▶ _What you need to do_:
Exact copies of all the lines below are required.
Source data below:
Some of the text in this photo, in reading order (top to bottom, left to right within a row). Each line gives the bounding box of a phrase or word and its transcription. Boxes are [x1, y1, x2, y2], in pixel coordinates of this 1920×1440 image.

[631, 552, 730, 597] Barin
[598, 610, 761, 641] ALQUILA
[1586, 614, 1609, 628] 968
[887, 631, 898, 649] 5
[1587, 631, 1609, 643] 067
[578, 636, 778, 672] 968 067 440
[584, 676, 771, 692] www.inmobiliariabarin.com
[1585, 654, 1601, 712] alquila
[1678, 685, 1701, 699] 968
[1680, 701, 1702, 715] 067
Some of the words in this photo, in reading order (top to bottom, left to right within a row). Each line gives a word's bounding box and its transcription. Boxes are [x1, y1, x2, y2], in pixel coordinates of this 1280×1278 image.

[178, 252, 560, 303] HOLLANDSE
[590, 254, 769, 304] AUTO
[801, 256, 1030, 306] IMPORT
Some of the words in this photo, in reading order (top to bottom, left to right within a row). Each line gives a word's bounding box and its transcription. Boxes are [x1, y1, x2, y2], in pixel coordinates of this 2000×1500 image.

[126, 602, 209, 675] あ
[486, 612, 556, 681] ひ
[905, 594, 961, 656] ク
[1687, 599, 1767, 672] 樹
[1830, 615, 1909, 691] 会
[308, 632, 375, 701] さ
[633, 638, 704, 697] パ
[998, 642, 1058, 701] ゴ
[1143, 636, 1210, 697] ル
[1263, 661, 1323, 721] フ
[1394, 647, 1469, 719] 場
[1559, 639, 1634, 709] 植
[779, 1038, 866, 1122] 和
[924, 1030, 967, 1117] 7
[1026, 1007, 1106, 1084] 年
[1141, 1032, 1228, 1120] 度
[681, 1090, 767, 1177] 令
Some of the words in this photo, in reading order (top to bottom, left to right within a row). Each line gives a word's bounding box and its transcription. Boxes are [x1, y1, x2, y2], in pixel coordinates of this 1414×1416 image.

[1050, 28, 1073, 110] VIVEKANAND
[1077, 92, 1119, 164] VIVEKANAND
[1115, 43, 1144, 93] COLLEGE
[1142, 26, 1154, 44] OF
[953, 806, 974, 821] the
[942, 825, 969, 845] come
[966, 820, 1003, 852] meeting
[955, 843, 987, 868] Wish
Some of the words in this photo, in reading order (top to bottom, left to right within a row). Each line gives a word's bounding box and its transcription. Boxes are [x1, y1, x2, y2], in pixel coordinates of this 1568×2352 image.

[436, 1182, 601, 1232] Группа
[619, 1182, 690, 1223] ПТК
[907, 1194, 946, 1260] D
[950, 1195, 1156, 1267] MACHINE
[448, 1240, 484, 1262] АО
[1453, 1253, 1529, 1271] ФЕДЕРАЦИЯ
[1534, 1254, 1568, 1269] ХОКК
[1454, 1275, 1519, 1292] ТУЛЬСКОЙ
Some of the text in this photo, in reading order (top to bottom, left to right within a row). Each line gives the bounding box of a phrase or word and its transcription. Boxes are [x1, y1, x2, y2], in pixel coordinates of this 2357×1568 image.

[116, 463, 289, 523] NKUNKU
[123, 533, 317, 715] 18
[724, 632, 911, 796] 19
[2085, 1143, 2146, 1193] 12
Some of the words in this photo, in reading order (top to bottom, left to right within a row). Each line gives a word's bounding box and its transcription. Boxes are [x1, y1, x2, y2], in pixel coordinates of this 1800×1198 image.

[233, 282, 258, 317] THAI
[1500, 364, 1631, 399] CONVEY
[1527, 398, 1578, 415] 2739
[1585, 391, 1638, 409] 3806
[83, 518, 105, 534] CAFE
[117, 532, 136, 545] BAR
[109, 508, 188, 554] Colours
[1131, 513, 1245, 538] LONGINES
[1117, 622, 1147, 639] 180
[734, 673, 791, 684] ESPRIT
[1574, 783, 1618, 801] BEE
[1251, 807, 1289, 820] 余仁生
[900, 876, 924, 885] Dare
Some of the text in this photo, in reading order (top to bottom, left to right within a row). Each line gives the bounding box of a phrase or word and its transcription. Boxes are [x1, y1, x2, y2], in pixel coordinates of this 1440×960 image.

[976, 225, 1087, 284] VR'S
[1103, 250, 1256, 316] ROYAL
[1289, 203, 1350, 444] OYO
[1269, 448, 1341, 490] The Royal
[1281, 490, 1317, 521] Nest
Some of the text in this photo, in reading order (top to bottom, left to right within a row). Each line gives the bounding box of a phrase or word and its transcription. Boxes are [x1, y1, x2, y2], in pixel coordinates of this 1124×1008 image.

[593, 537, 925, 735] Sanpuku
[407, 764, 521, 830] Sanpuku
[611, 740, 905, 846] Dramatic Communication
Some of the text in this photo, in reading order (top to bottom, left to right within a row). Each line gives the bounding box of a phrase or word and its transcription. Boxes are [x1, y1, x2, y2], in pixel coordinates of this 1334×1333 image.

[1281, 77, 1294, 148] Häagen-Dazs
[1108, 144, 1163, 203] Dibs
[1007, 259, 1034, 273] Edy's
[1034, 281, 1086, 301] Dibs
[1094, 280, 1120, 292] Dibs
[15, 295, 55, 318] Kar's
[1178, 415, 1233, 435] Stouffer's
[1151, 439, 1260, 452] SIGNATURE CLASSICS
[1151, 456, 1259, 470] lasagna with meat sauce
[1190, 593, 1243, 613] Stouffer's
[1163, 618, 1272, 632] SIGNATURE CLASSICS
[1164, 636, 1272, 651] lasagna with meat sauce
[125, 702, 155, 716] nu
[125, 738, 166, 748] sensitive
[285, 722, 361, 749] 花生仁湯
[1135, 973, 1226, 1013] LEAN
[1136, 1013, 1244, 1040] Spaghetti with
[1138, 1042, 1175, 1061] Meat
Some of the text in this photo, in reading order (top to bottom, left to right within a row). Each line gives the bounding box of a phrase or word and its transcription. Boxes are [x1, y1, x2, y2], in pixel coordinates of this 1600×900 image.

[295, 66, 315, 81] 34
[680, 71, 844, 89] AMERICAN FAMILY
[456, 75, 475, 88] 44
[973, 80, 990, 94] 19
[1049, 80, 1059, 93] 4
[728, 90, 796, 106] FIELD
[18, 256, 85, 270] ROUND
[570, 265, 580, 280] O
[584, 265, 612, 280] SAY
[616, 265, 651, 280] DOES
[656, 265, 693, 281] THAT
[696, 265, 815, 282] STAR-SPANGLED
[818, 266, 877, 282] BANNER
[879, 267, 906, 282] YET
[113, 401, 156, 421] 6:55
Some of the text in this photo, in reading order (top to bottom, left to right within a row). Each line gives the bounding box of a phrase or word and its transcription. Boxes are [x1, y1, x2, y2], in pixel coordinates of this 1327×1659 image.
End of Source data.
▶ _Result of the task_:
Some of the text in this photo, in reading order (top to bottom, left to right within a row). Each line gives the bounding box of a phrase or word and its transcription. Boxes are [x1, y1, x2, y2], in pixel coordinates of this 1920×1440 image.

[631, 552, 730, 597] Barin
[598, 610, 761, 641] ALQUILA
[1586, 614, 1609, 628] 968
[887, 631, 898, 649] 5
[1587, 631, 1609, 643] 067
[578, 636, 778, 672] 968 067 440
[584, 676, 771, 692] www.inmobiliariabarin.com
[1585, 654, 1601, 712] alquila
[1678, 685, 1701, 699] 968
[1680, 701, 1702, 715] 067
Some of the words in this photo, in reading order (top to bottom, left to right within a row). Each line gives a word's bounding box and its transcription. Boxes are [x1, y1, x2, y2], in pixel coordinates of this 1280×1278 image.

[178, 252, 560, 303] HOLLANDSE
[590, 254, 769, 304] AUTO
[801, 256, 1030, 306] IMPORT
Some of the words in this photo, in reading order (top to bottom, left to right within a row). Each line gives a word's bounding box and its transcription. Boxes are [x1, y1, x2, y2], in pixel coordinates of this 2000×1500 image.

[126, 602, 209, 675] あ
[486, 612, 556, 681] ひ
[905, 594, 961, 656] ク
[1687, 599, 1767, 672] 樹
[1830, 615, 1909, 691] 会
[308, 632, 375, 701] さ
[633, 638, 704, 697] パ
[998, 642, 1058, 701] ゴ
[1143, 636, 1210, 697] ル
[1263, 661, 1323, 721] フ
[1394, 647, 1469, 719] 場
[1559, 639, 1634, 709] 植
[779, 1038, 866, 1122] 和
[924, 1030, 967, 1117] 7
[1026, 1007, 1106, 1084] 年
[1141, 1032, 1228, 1120] 度
[681, 1090, 767, 1177] 令
Some of the words in this photo, in reading order (top to bottom, left to right within a row). Each line gives a word's bounding box and its transcription. Boxes are [x1, y1, x2, y2], in pixel coordinates of this 1414×1416 image.

[1050, 28, 1073, 110] VIVEKANAND
[1077, 92, 1119, 164] VIVEKANAND
[1115, 43, 1144, 93] COLLEGE
[1142, 26, 1154, 44] OF
[953, 806, 974, 821] the
[942, 825, 969, 845] come
[966, 820, 1003, 852] meeting
[955, 843, 987, 868] Wish
Some of the words in this photo, in reading order (top to bottom, left to right within a row). Each line gives a word's bounding box and its transcription. Boxes are [x1, y1, x2, y2], in pixel coordinates of this 1568×2352 image.

[436, 1182, 601, 1232] Группа
[619, 1182, 690, 1223] ПТК
[907, 1194, 946, 1260] D
[950, 1195, 1156, 1267] MACHINE
[448, 1240, 484, 1262] АО
[1453, 1253, 1529, 1271] ФЕДЕРАЦИЯ
[1534, 1254, 1568, 1269] ХОКК
[1454, 1275, 1519, 1292] ТУЛЬСКОЙ
Some of the text in this photo, in reading order (top to bottom, left to right within a row). Each line gives the bounding box of a phrase or word and its transcription. Boxes are [x1, y1, x2, y2], in pixel coordinates of this 2357×1568 image.

[116, 463, 289, 523] NKUNKU
[123, 533, 317, 715] 18
[724, 632, 911, 796] 19
[2085, 1143, 2146, 1193] 12
Some of the words in this photo, in reading order (top to bottom, left to right within a row). Each line gives a word's bounding box and its transcription. Boxes are [x1, y1, x2, y2], in pixel coordinates of this 1800×1198 image.

[233, 282, 258, 317] THAI
[1500, 364, 1631, 399] CONVEY
[1527, 398, 1578, 415] 2739
[1585, 391, 1638, 409] 3806
[83, 518, 105, 534] CAFE
[117, 532, 136, 545] BAR
[109, 508, 188, 554] Colours
[1131, 513, 1245, 538] LONGINES
[1117, 622, 1147, 639] 180
[734, 673, 791, 684] ESPRIT
[1574, 783, 1618, 801] BEE
[1251, 807, 1289, 820] 余仁生
[900, 876, 924, 885] Dare
Some of the text in this photo, in reading order (top to bottom, left to right within a row). Each line gives the bounding box of a phrase or word and its transcription. Boxes are [x1, y1, x2, y2], in pixel coordinates of this 1440×960 image.

[976, 225, 1087, 284] VR'S
[1103, 250, 1256, 316] ROYAL
[1289, 203, 1350, 444] OYO
[1269, 448, 1341, 490] The Royal
[1281, 490, 1317, 521] Nest
Some of the text in this photo, in reading order (top to bottom, left to right within a row). Each line gives the bounding box of a phrase or word and its transcription. Boxes are [x1, y1, x2, y2], in pixel coordinates of this 1124×1008 image.

[593, 537, 925, 735] Sanpuku
[407, 764, 521, 830] Sanpuku
[611, 740, 905, 846] Dramatic Communication
Some of the text in this photo, in reading order (top to bottom, left to right within a row). Each line gives the bounding box of a phrase or word and its transcription. Boxes are [x1, y1, x2, y2], in pixel coordinates of this 1334×1333 image.

[1281, 77, 1294, 148] Häagen-Dazs
[1108, 144, 1163, 203] Dibs
[1007, 259, 1034, 273] Edy's
[1034, 281, 1086, 301] Dibs
[1094, 280, 1120, 292] Dibs
[15, 295, 55, 318] Kar's
[1178, 415, 1233, 435] Stouffer's
[1151, 439, 1260, 452] SIGNATURE CLASSICS
[1151, 456, 1259, 470] lasagna with meat sauce
[1190, 593, 1243, 613] Stouffer's
[1163, 618, 1272, 632] SIGNATURE CLASSICS
[1164, 636, 1272, 651] lasagna with meat sauce
[125, 702, 155, 716] nu
[125, 738, 166, 748] sensitive
[285, 722, 361, 749] 花生仁湯
[1135, 973, 1226, 1013] LEAN
[1136, 1013, 1244, 1040] Spaghetti with
[1138, 1042, 1175, 1061] Meat
Some of the text in this photo, in reading order (top to bottom, left to right within a row). Each line gives the bounding box of a phrase or word and its transcription. Boxes are [x1, y1, x2, y2], in pixel coordinates of this 1600×900 image.

[295, 66, 315, 81] 34
[680, 71, 844, 89] AMERICAN FAMILY
[456, 75, 475, 88] 44
[973, 80, 990, 94] 19
[1049, 80, 1059, 93] 4
[728, 90, 796, 106] FIELD
[18, 256, 85, 270] ROUND
[570, 265, 580, 280] O
[584, 265, 612, 280] SAY
[616, 265, 651, 280] DOES
[656, 265, 693, 281] THAT
[696, 265, 815, 282] STAR-SPANGLED
[818, 266, 877, 282] BANNER
[879, 267, 906, 282] YET
[113, 401, 156, 421] 6:55
Some of the text in this photo, in reading order (top to bottom, left to right within a row). Each line gives the bounding box of a phrase or word and its transcription. Boxes are [x1, y1, x2, y2], in pixel coordinates of this 1327×1659 image.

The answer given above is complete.